Typically, the public law duration of a copyright expires 50 to 100 years after the creator dies, depending on the jurisdiction. Some countries require certain copyright formalities[5] to establishing copyright, others recognize copyright in any completed work, without a formal registration. When the copyright of a work expires, it enters the public domain.

The concept of copyright developed after the printing press came into use in Europe[16] in the 15th and 16th centuries.[17] It was associated with a common law and rooted in the civil law system.[18] The printing press made it much cheaper to produce works, but as there was initially no copyright law, anyone could buy or rent a press and print any text. Popular new works were immediately re-set and re-published by competitors, so printers needed a constant stream of new material. Fees paid to authors for new works were high, and significantly supplemented the incomes of many academics.[19]

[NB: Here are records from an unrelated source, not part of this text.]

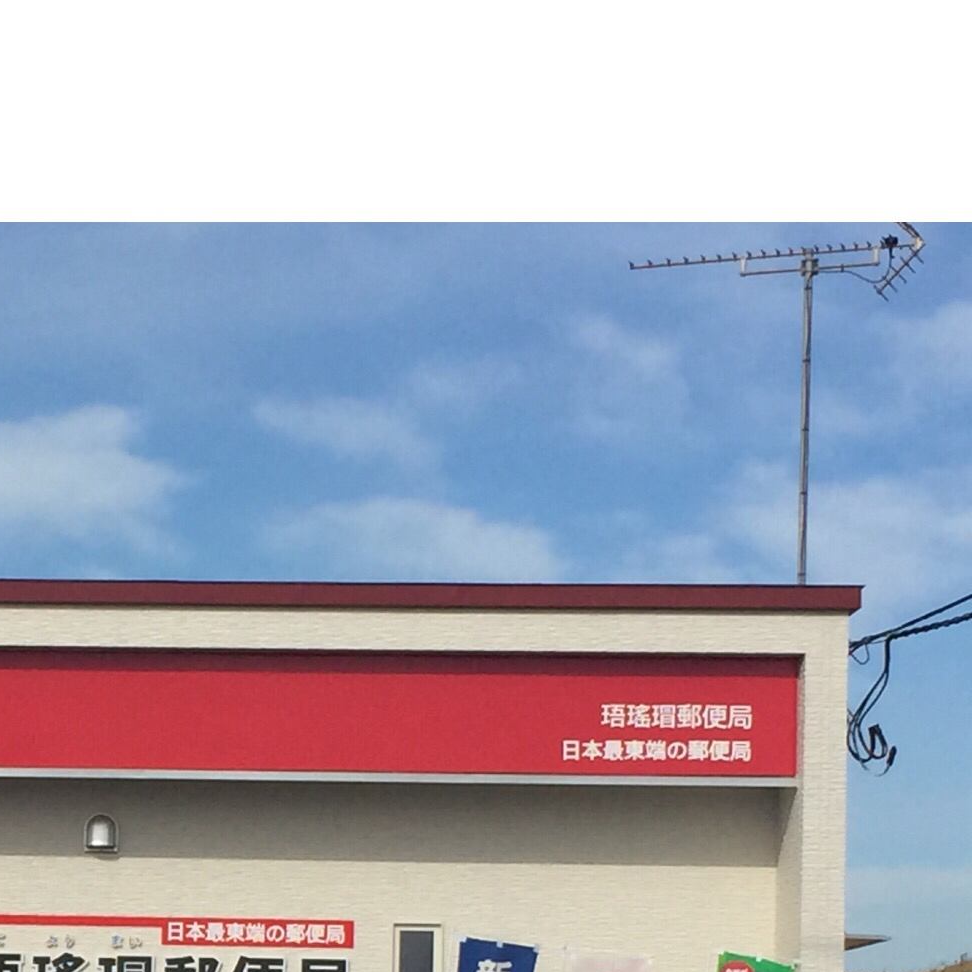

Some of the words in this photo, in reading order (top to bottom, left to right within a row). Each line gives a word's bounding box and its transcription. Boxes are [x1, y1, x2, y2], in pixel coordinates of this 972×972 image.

[562, 739, 752, 762] 日本最東端の郵便局
[167, 921, 346, 945] 日本最東端の郵便局
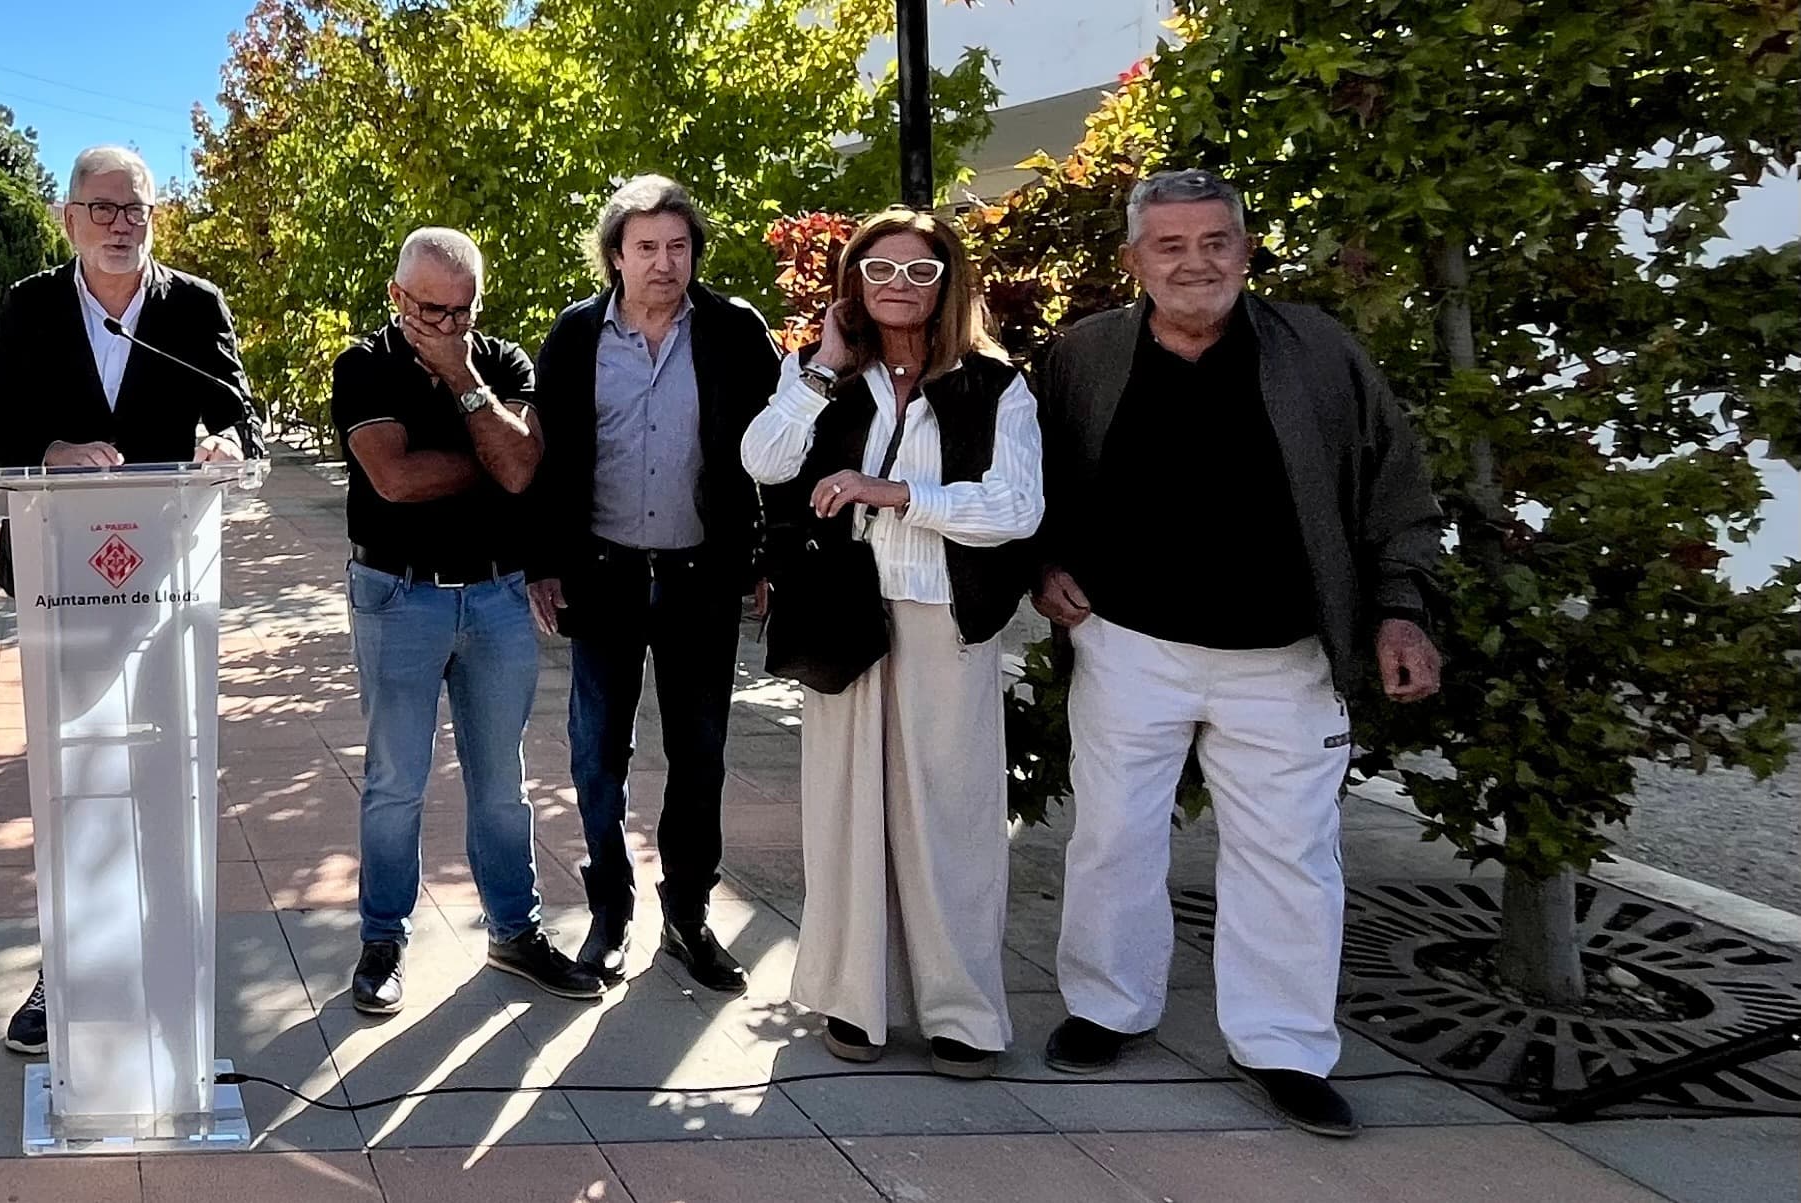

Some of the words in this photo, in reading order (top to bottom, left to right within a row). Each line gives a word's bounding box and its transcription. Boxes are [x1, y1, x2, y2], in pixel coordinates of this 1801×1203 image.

[36, 593, 126, 609] Ajuntament
[131, 591, 150, 603] de
[155, 590, 199, 602] Lleida
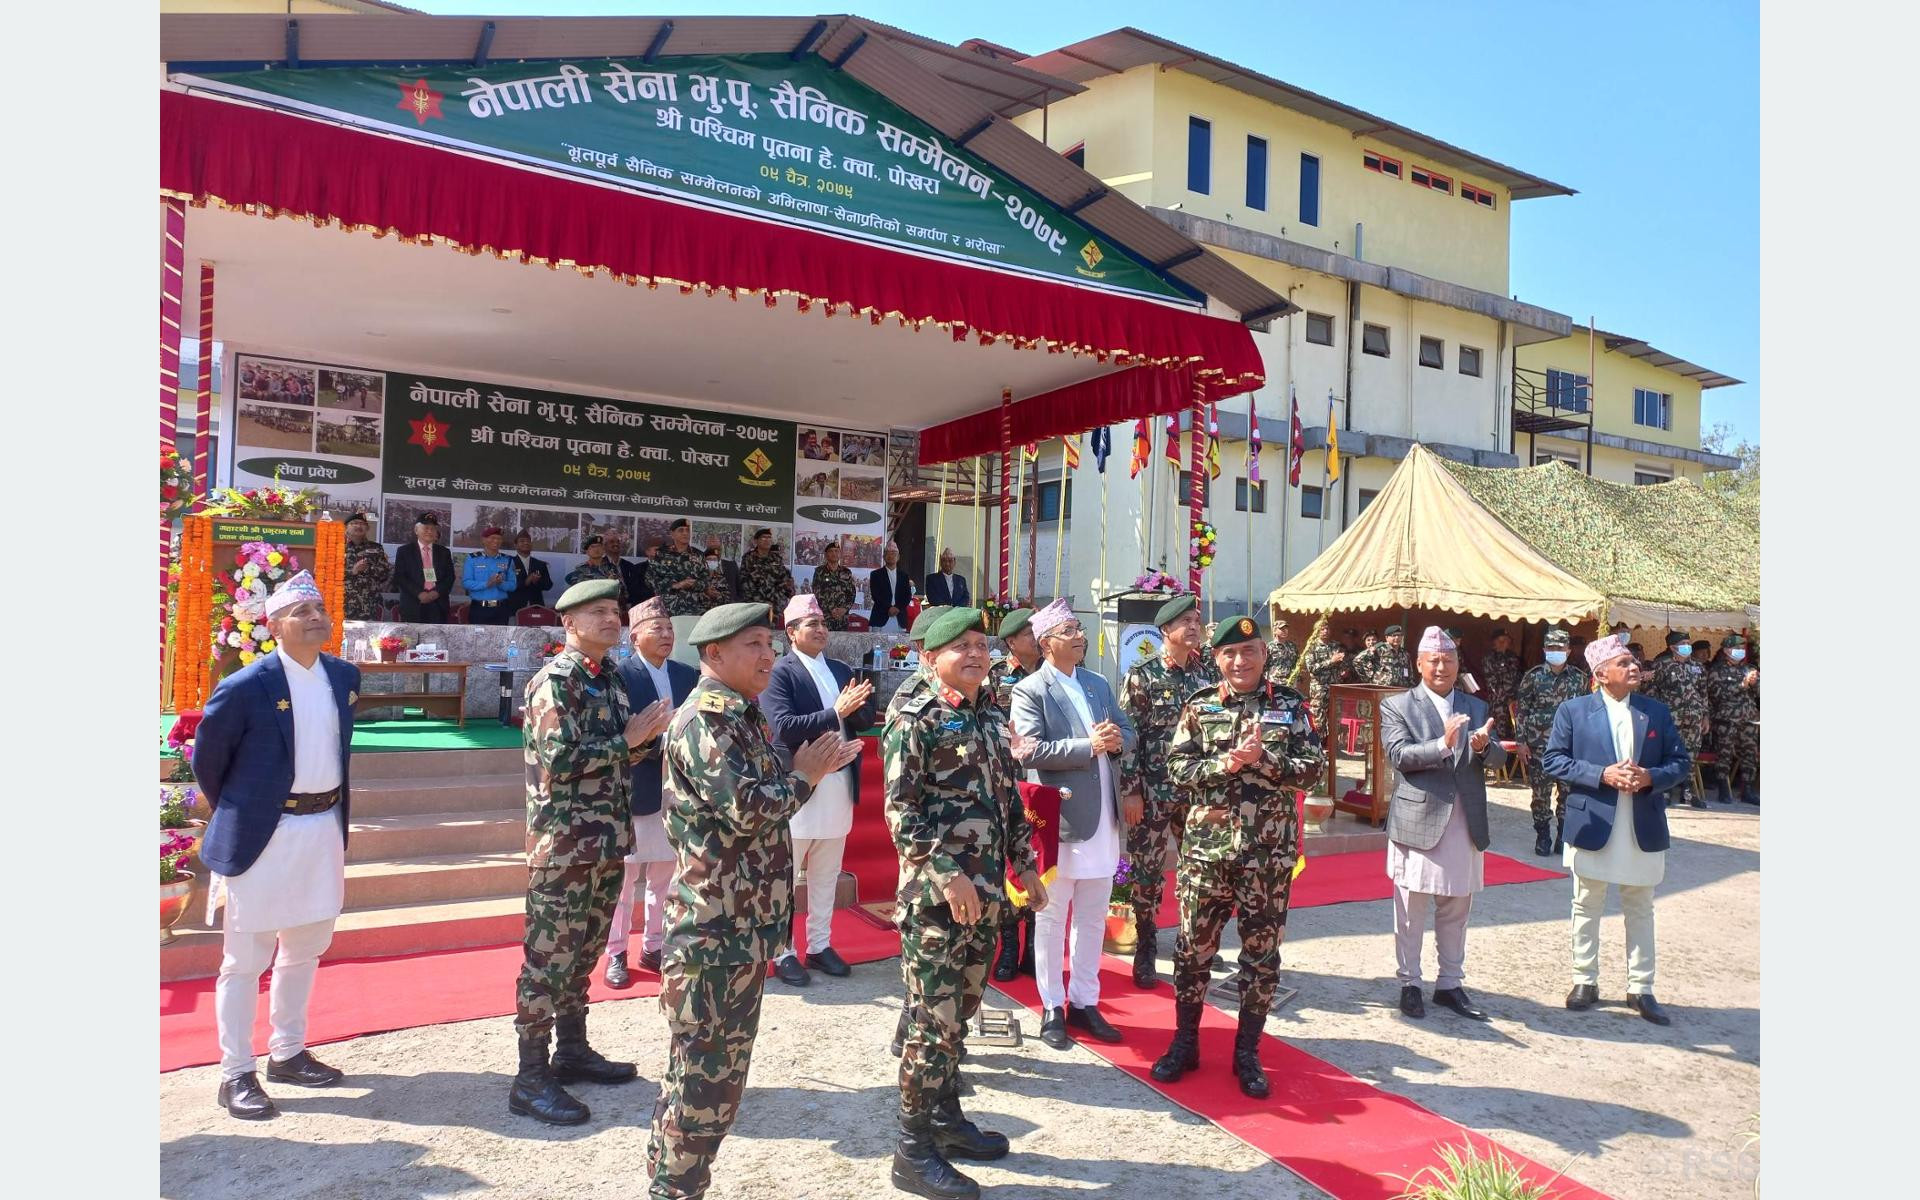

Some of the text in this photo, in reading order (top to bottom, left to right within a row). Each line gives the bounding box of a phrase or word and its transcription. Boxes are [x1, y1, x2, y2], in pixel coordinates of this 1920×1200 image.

[461, 64, 593, 118] नेपाली
[600, 63, 678, 103] सेना
[769, 80, 868, 137] सैनिक
[656, 108, 683, 131] श्री
[689, 115, 756, 149] पश्चिम
[762, 135, 812, 164] पृतना
[818, 146, 837, 169] हे.
[887, 164, 940, 195] पोखरा
[625, 156, 674, 179] सैनिक
[680, 171, 762, 201] सम्मेलनको
[905, 224, 948, 243] समर्पण
[952, 234, 961, 246] र
[409, 381, 481, 409] नेपाली
[487, 391, 532, 415] सेना
[585, 403, 644, 427] सैनिक
[471, 425, 495, 444] श्री
[501, 428, 561, 451] पश्चिम
[566, 438, 613, 456] पृतना
[617, 440, 634, 459] हे.
[681, 447, 730, 467] पोखरा
[278, 462, 338, 479] सेवा प्रवेश
[452, 479, 493, 493] सैनिक
[499, 484, 567, 498] सम्मेलनको
[693, 500, 730, 510] समर्पण
[735, 503, 741, 512] र

Printing brought profound social changes. The rise in literacy across Europe led to a dramatic increase in the demand for reading matter.[16] Prices of reprints were low, so publications could be bought by poorer people, creating a mass audience.[19] In German language markets before the advent of copyright, technical materials, like popular fiction, were inexpensive and widely available; it has been suggested this contributed to Germany's industrial and economic success.[19] After copyright law became established (in 1710 in England and Scotland, and in the 1840s in German-speaking areas) the low-price mass market vanished, and fewer, more expensive editions were published; distribution of scientific and technical information was greatly reduced.[19][20]

The concept of copyright first developed in England. In reaction to the printing of "scandalous books and pamphlets", the English Parliament passed the Licensing of the Press Act 1662,[16] which required all intended publications to be registered with the government-approved Stationers' Company, giving the Stationers the right to regulate what material could be printed.[21]

The Statute of Anne, enacted in 1710 in England and Scotland, provided the first legislation to protect copyrights (but not authors' rights). The Copyright Act of 1814 extended more rights for authors but did not protect British from reprinting in the US. The Berne International Copyright Convention of 1886 finally provided protection for authors among the countries who signed the agreement, although the US did not join the Berne Convention until 1989.[22]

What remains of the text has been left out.